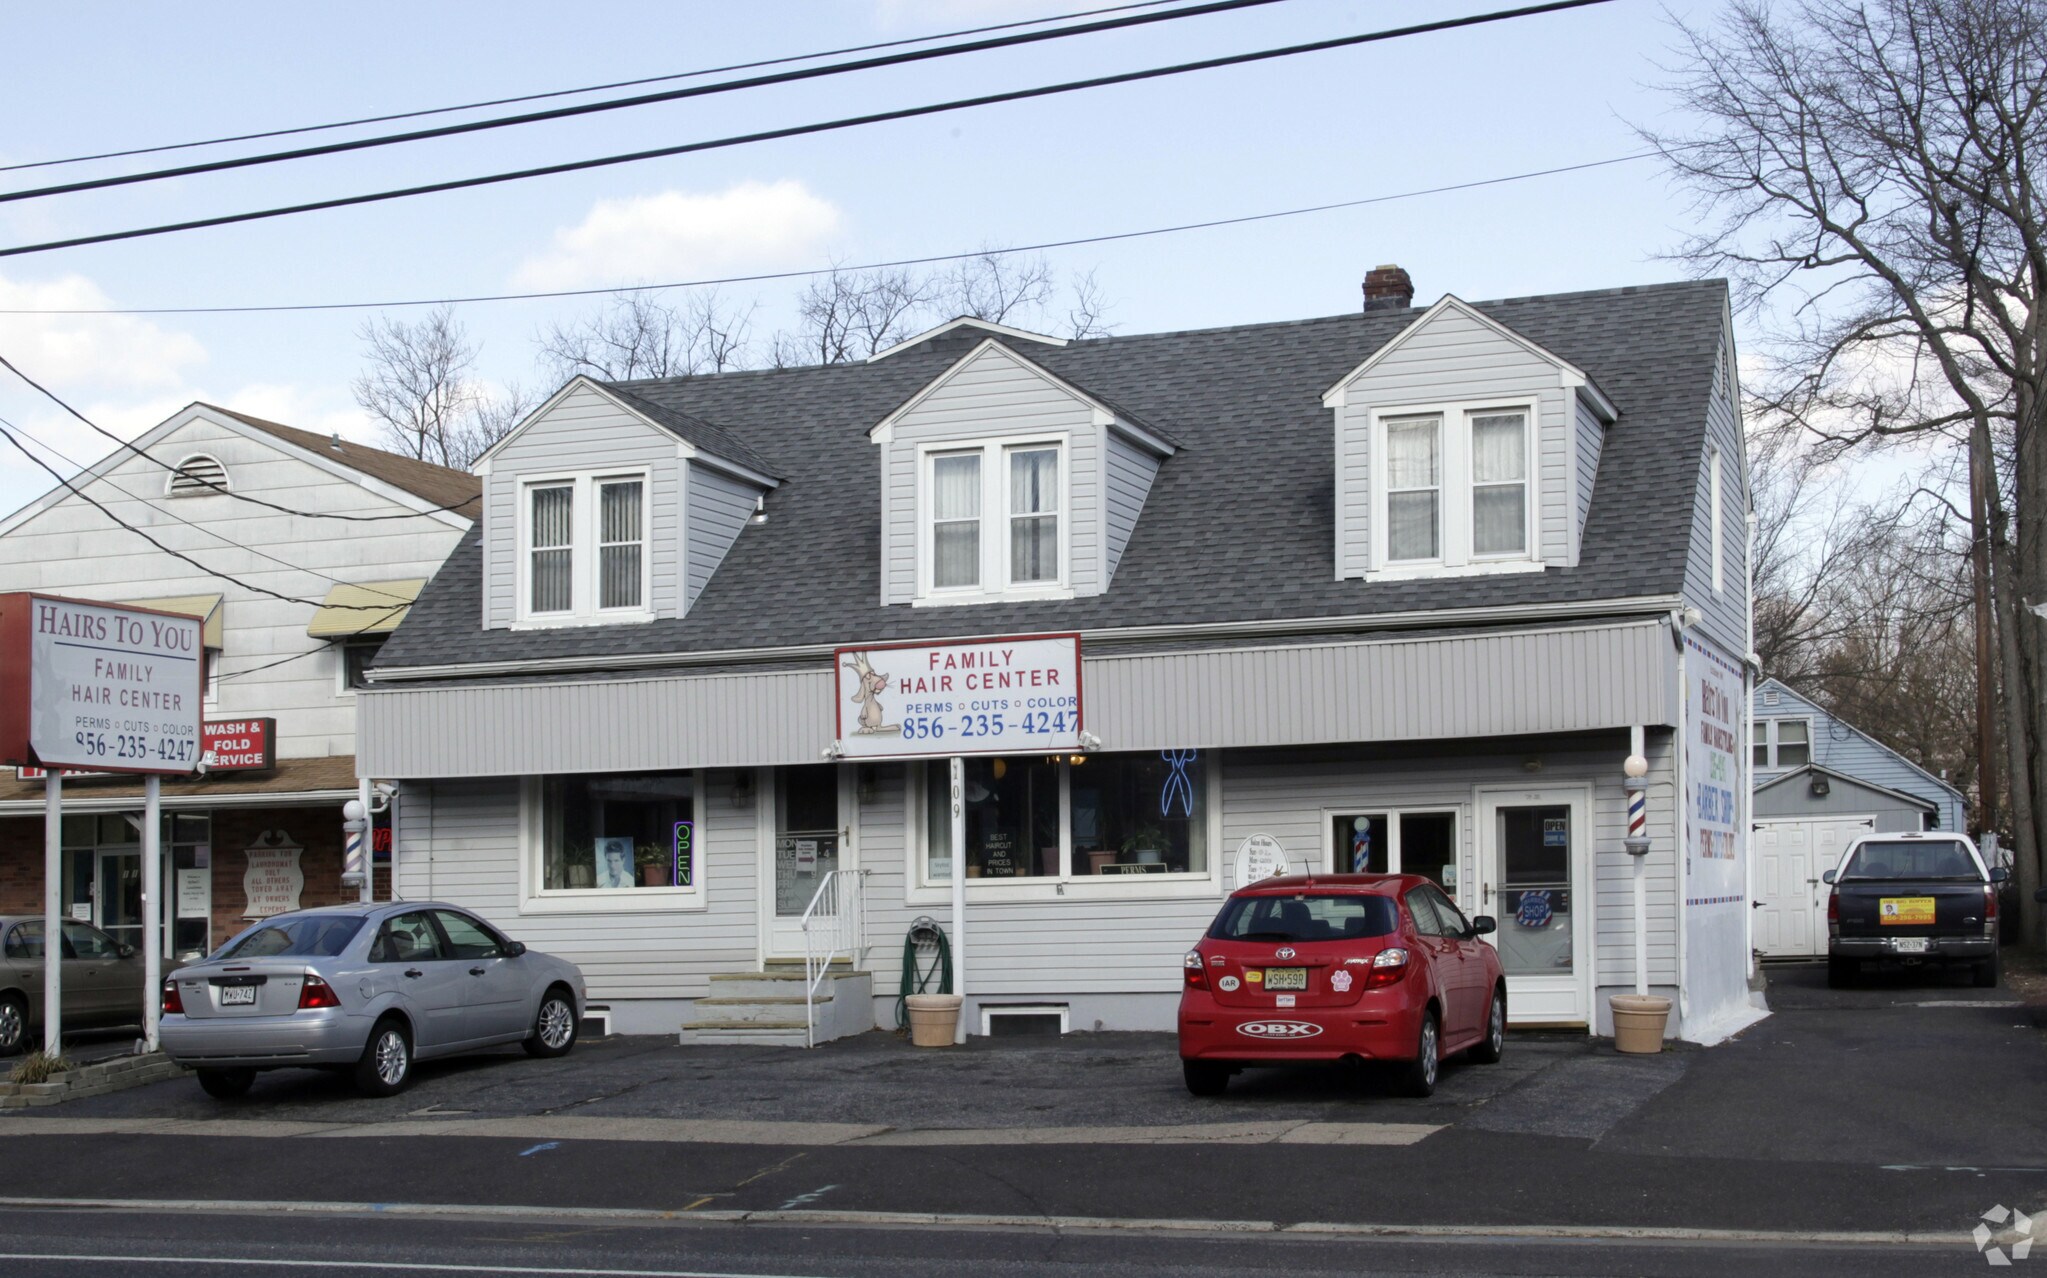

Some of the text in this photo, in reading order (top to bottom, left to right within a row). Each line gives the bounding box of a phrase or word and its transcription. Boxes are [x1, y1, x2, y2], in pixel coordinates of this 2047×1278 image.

[38, 605, 193, 651] HAIRS TO YOU
[929, 650, 1014, 671] FAMILY
[94, 658, 153, 683] FAMILY
[900, 669, 1060, 694] HAIR CENTER
[72, 684, 182, 712] HAIR CENTER
[906, 696, 1077, 714] PERMS CUTS COLOR
[75, 716, 194, 736] PERMS CUTS COLOR
[204, 722, 261, 736] WASH &
[903, 710, 1079, 740] 856-235-4247
[214, 739, 251, 751] FOLD
[212, 753, 263, 766] ERVICE
[1545, 821, 1566, 831] OPEN
[990, 833, 1007, 841] BEST
[676, 824, 691, 884] OPEN
[993, 850, 1006, 858] AND
[1121, 865, 1147, 874] PERMS
[1524, 906, 1545, 917] SHOP
[1244, 1024, 1311, 1034] OBX
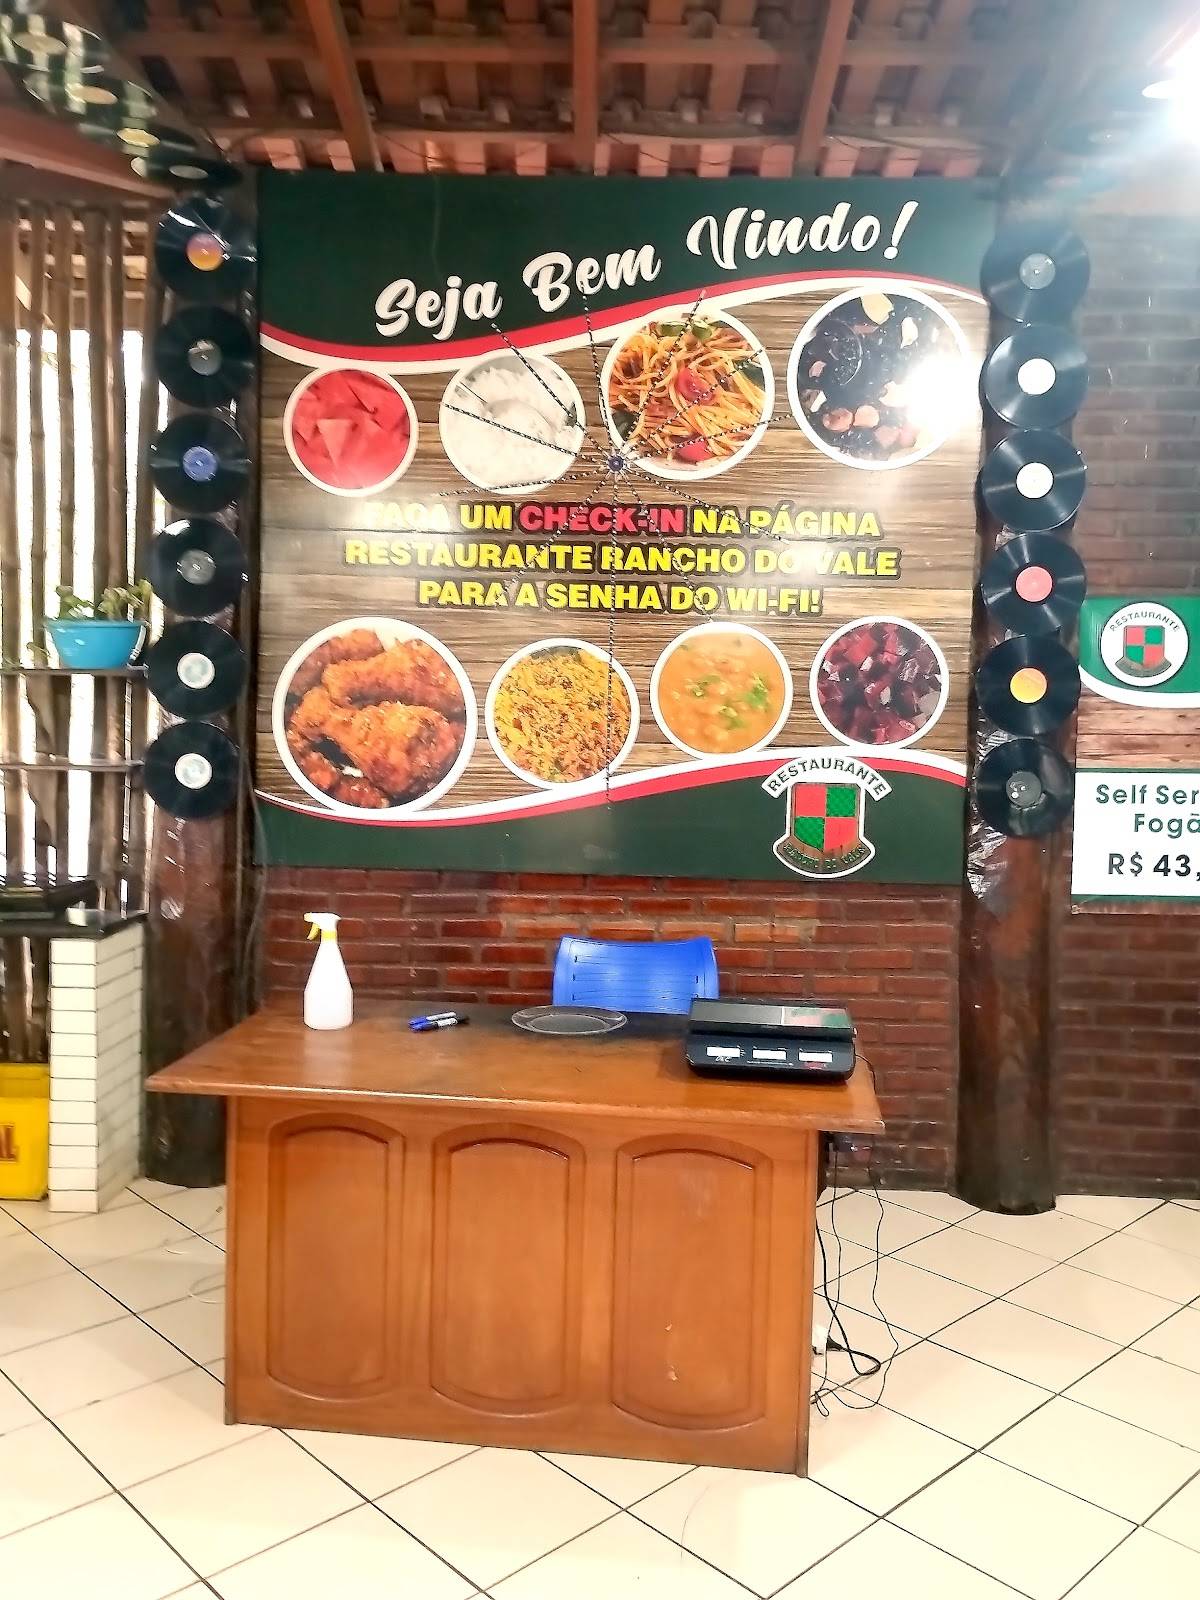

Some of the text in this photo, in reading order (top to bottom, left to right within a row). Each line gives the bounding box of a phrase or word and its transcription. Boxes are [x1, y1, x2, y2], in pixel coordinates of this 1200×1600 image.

[374, 200, 919, 341] Seja Bem Vindo!
[460, 504, 512, 529] UM
[519, 505, 684, 533] CHECK-IN
[693, 509, 741, 534] NA
[749, 504, 880, 537] PÁGINA
[345, 539, 593, 570] RESTAURANTE
[601, 545, 745, 573] RANCHO
[419, 580, 820, 613] PARA A SENHA DO WI-FI!
[1109, 611, 1181, 633] RESTAURANTE
[767, 757, 887, 796] RESTAURANTE
[1095, 783, 1200, 805] Self Ser
[1108, 851, 1144, 878] R$

────────

## WORK ITEM
Return the material exactly as it reads, though without the pictures it holds.

## REPLY TO THE TASK
Some of the text in this photo, in reading order (top to bottom, left to right within a row). Each line gives the bounding box of a phrase or word and its transcription. Boxes are [x1, y1, x2, y2], in pixel coordinates of this 2047×1278 image.

[38, 605, 193, 651] HAIRS TO YOU
[929, 650, 1014, 671] FAMILY
[94, 658, 153, 683] FAMILY
[900, 669, 1060, 694] HAIR CENTER
[72, 684, 182, 712] HAIR CENTER
[906, 696, 1077, 714] PERMS CUTS COLOR
[75, 716, 194, 736] PERMS CUTS COLOR
[204, 722, 261, 736] WASH &
[903, 710, 1079, 740] 856-235-4247
[214, 739, 251, 751] FOLD
[212, 753, 263, 766] ERVICE
[1545, 821, 1566, 831] OPEN
[990, 833, 1007, 841] BEST
[676, 824, 691, 884] OPEN
[993, 850, 1006, 858] AND
[1121, 865, 1147, 874] PERMS
[1524, 906, 1545, 917] SHOP
[1244, 1024, 1311, 1034] OBX

Some of the text in this photo, in reading order (top to bottom, left to right within a row). Each line gives the bounding box of a phrase or word and its transcription. Boxes are [x1, y1, x2, y2], in pixel coordinates of this 1200×1600 image.

[374, 200, 919, 341] Seja Bem Vindo!
[460, 504, 512, 529] UM
[519, 505, 684, 533] CHECK-IN
[693, 509, 741, 534] NA
[749, 504, 880, 537] PÁGINA
[345, 539, 593, 570] RESTAURANTE
[601, 545, 745, 573] RANCHO
[419, 580, 820, 613] PARA A SENHA DO WI-FI!
[1109, 611, 1181, 633] RESTAURANTE
[767, 757, 887, 796] RESTAURANTE
[1095, 783, 1200, 805] Self Ser
[1108, 851, 1144, 878] R$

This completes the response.